Abstract
Background: Glucose-stimulated insulin secretion (GSIS) from the pancreatic β-cell involves several intracellular metabolic events which lead to the translocation of insulin granules towards the membrane for fusion and release. It is well established that loss of β-cell function and decreased GSIS underlie the pathogenesis of diabetes. Evidence from several laboratories, including our own, demonstrated requisite roles of Rac1 and phagocyte-like NADPH oxidase (Nox2)-derived reactive oxygen species (ROS) in optimal function of the pancreatic β-cell, including GSIS. However, it is becoming increasingly clear that prolonged exposure of β-cells to hyperglycemic conditions, leads to sustained activation of Rac1-Nox2 signaling axis culminating in excessive generation of intracellular ROS (oxidative stress) and β-cell dysregulation and demise. Such “cytotoxic” effects of ROS appear to be mediated via the stress-activated protein kinases/mitogen-activated protein kinases (SAPK/MAPK) signaling pathways.
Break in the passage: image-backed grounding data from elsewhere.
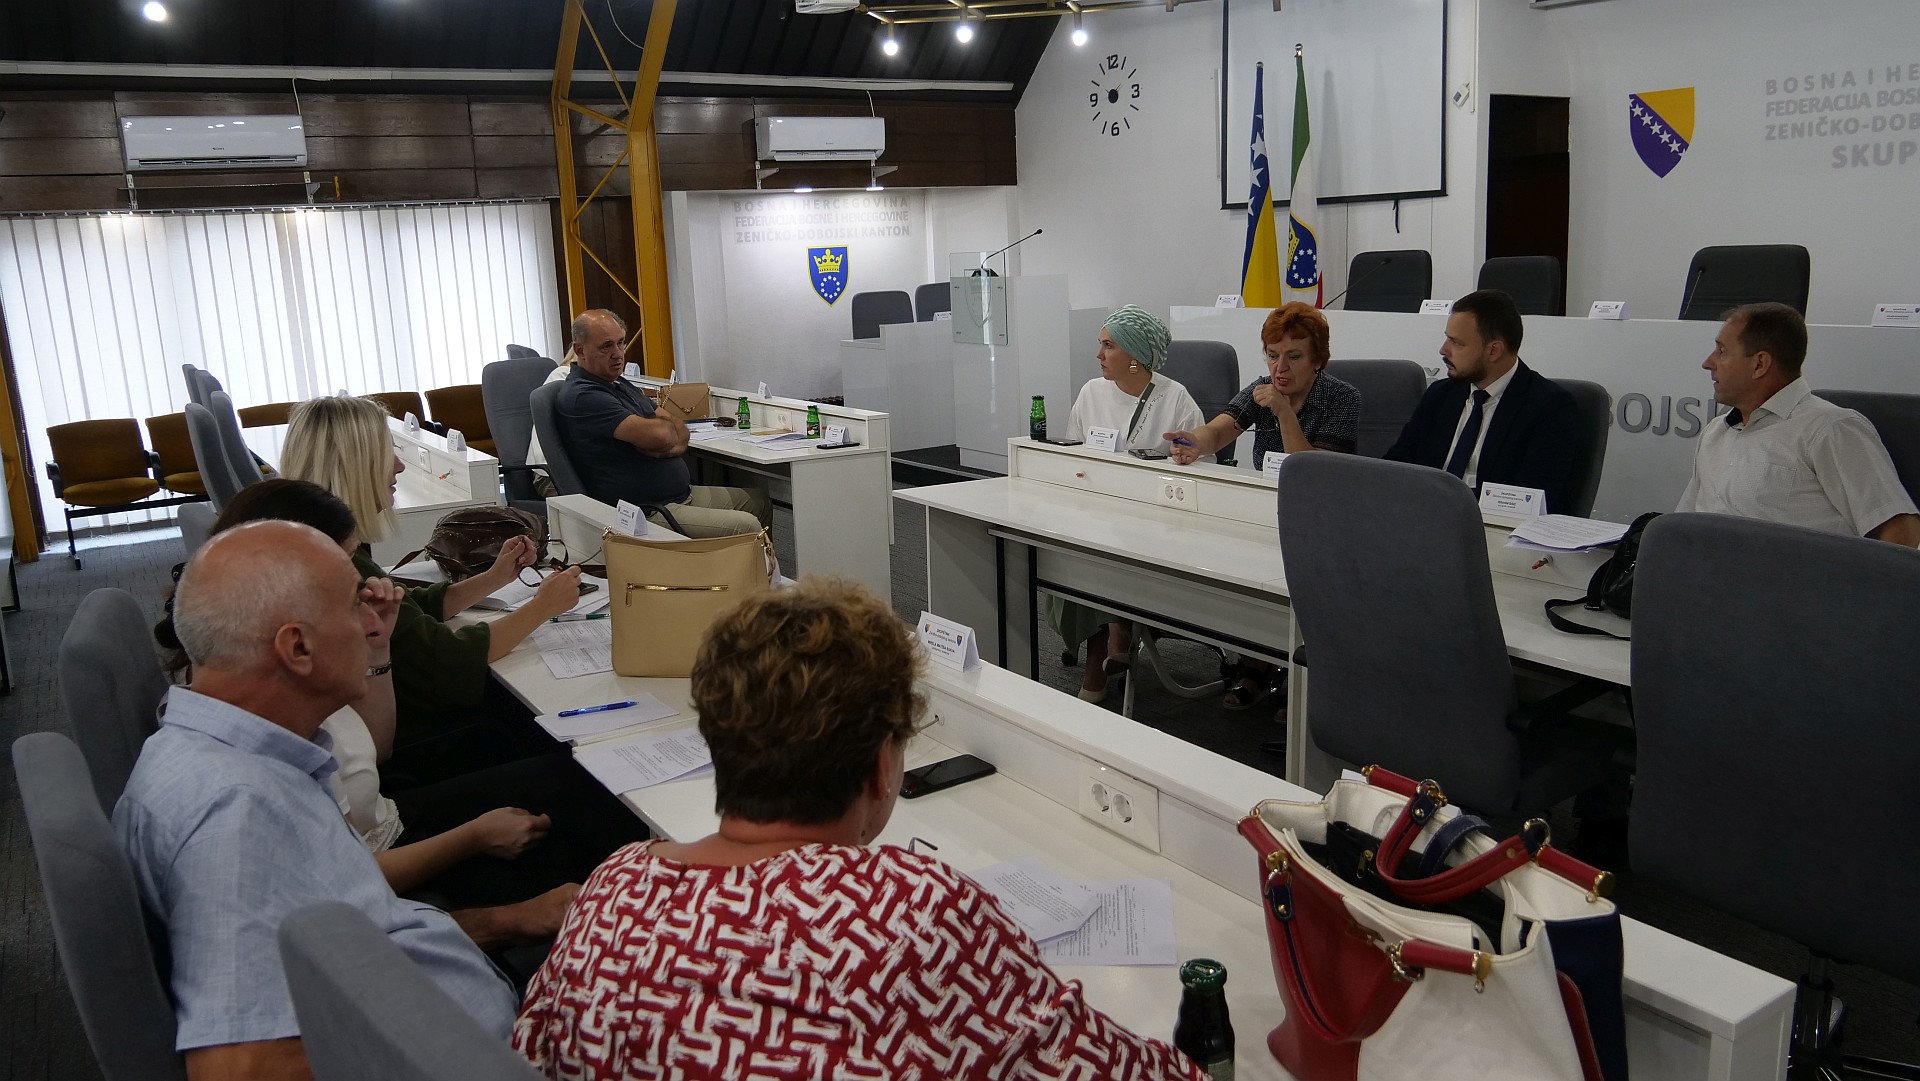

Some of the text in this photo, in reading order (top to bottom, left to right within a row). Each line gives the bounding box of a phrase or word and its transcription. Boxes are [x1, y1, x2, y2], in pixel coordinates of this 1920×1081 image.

[1106, 54, 1119, 70] 12
[1765, 71, 1856, 96] BOSNA
[1868, 68, 1873, 85] I
[1131, 84, 1140, 98] 3
[1090, 93, 1098, 107] 9
[1765, 87, 1920, 118] FEDERACIJA BOS
[1111, 122, 1120, 136] 6
[1831, 140, 1918, 169] SKUP
[734, 201, 788, 213] BOSNA
[801, 197, 909, 211] HERCEGOVINA
[735, 214, 796, 228] FEDERACIJA
[799, 213, 833, 225] BOSNE
[842, 211, 909, 223] HERCEGOVINE
[862, 226, 910, 238] KANTON
[1609, 392, 1733, 438] OJS
Objective: This review discusses our current understanding of regulation and functions of the conventional MAPKs, namely, ERK1/2, JNK1/2 and p38MAPK. Conclusion: The MAPK pathways are activated in the presence of various stress stimuli including intracellular ROS, via distinct signaling cascades. Once activated, MAPKs participate in specific intracellular signaling processes via interaction with several downstream kinases including the MAPKactivated protein kinases (MAPKAPKs) and transcription factors including c-jun and p53. We have provided an overview of existing evidence in the islet β-cell on the regulatory roles of these MAPKs in mediating cellular responses to alterations in intracellularly generated ROS, which is mediated by the Rac1-Nox2 signaling module. Additionally, we enlisted recent patents developed to improve β-cell function in diabetes and novel pharmacological agents that target oxidative stress and MAPK pathways.Keywords: Glucotoxicity, MAPK signaling, NADPH oxidase-2, oxidative stress, pancreatic β-cell, Rac1.